The assessment not only identifies the roadblocks to treatment, but also provides a path to overcoming them.
UNC Global Women’s Health faculty Drs. Carla Chibwesha and Groesbeck Parham recently published the first detailed assessment of the breast and cervical cancer landscape in Zambia, outlining ways to improve cancer prevention, screening, and treatment that may serve as a model for other underserved regions.
“A Comprehensive Assessment of Breast and Cervical Cancer” – funded by the Susan G. Komen Foundation and produced by the African Centre of Excellence for Women’s Cancer Control – identifies the barriers to improving cancer treatment and prevention in Zambia and provides real long- and short-term solutions to overcoming those barriers.
“If we are to significantly improve cancer care in sub-Saharan Africa we must first quantify the existing gaps in care and treatment,” said Dr. Parham. “This survey produced data that will now be used for constructing innovative health care service delivery and training platforms that can thrive in low-resource environments – in Zambia, other countries in the region and in developing nations around the globe.”

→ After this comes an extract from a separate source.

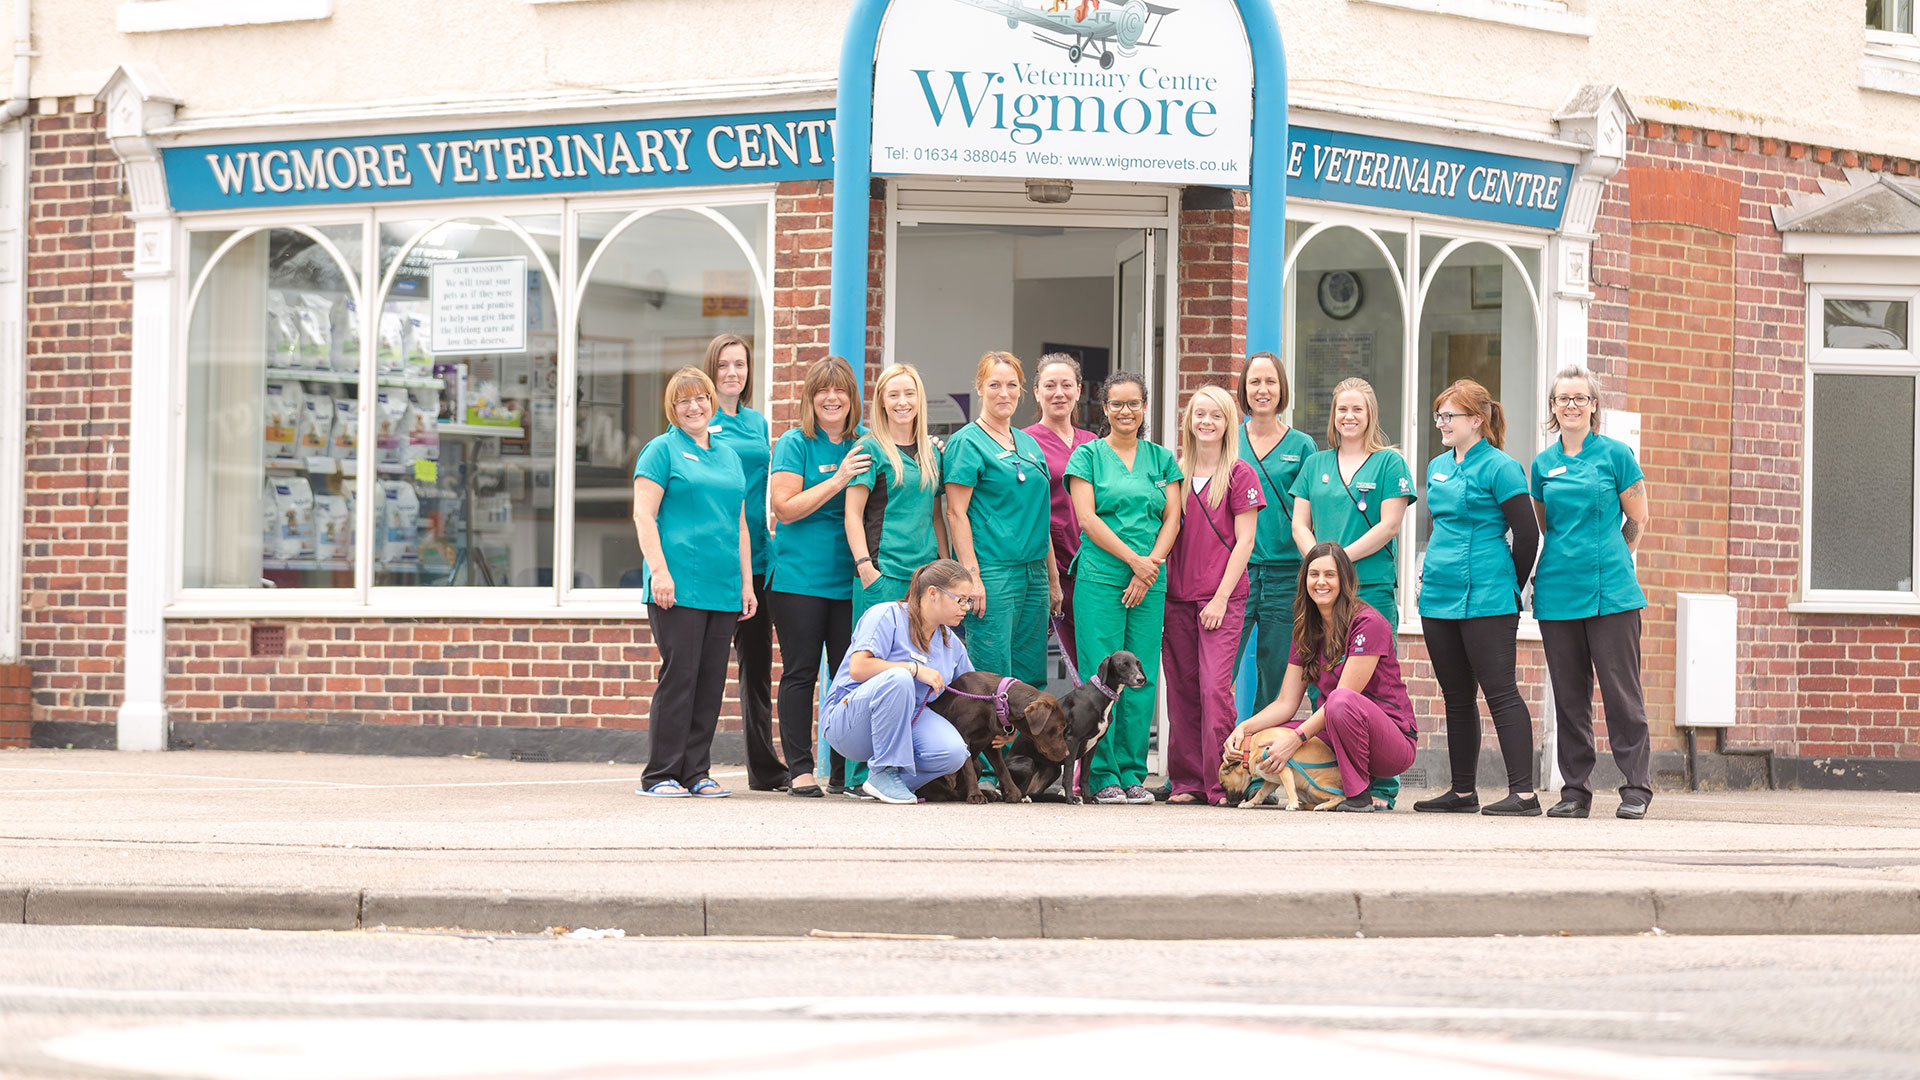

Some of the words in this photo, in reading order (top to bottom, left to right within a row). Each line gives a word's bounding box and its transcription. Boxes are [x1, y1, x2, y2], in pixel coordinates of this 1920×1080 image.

The survey was designed and led by Dr. Chibwesha, assistant professor of obstetrics and gynecology who has worked in Zambia since 2009. Dr. Parham, professor of obstetrics and gynecology and the only gynecologic oncologist in Zambia, provided strategic leadership for the project. Dr. Parham has lived and worked in Lusaka since 2005, where he established the Cervical Cancer Prevention Program in Zambia and founded the African Centre of Excellence for Women’s Cancer Control.
Also serving on the survey team from the Division of Global Women’s Health were Drs. Allen Bateman and Claire-Helene Mershon, fellows in the division. UNC Lineberger also collaborates with Drs. Chibwesha and Parham and their colleagues on cervical cancer prevention initiatives in Zambia.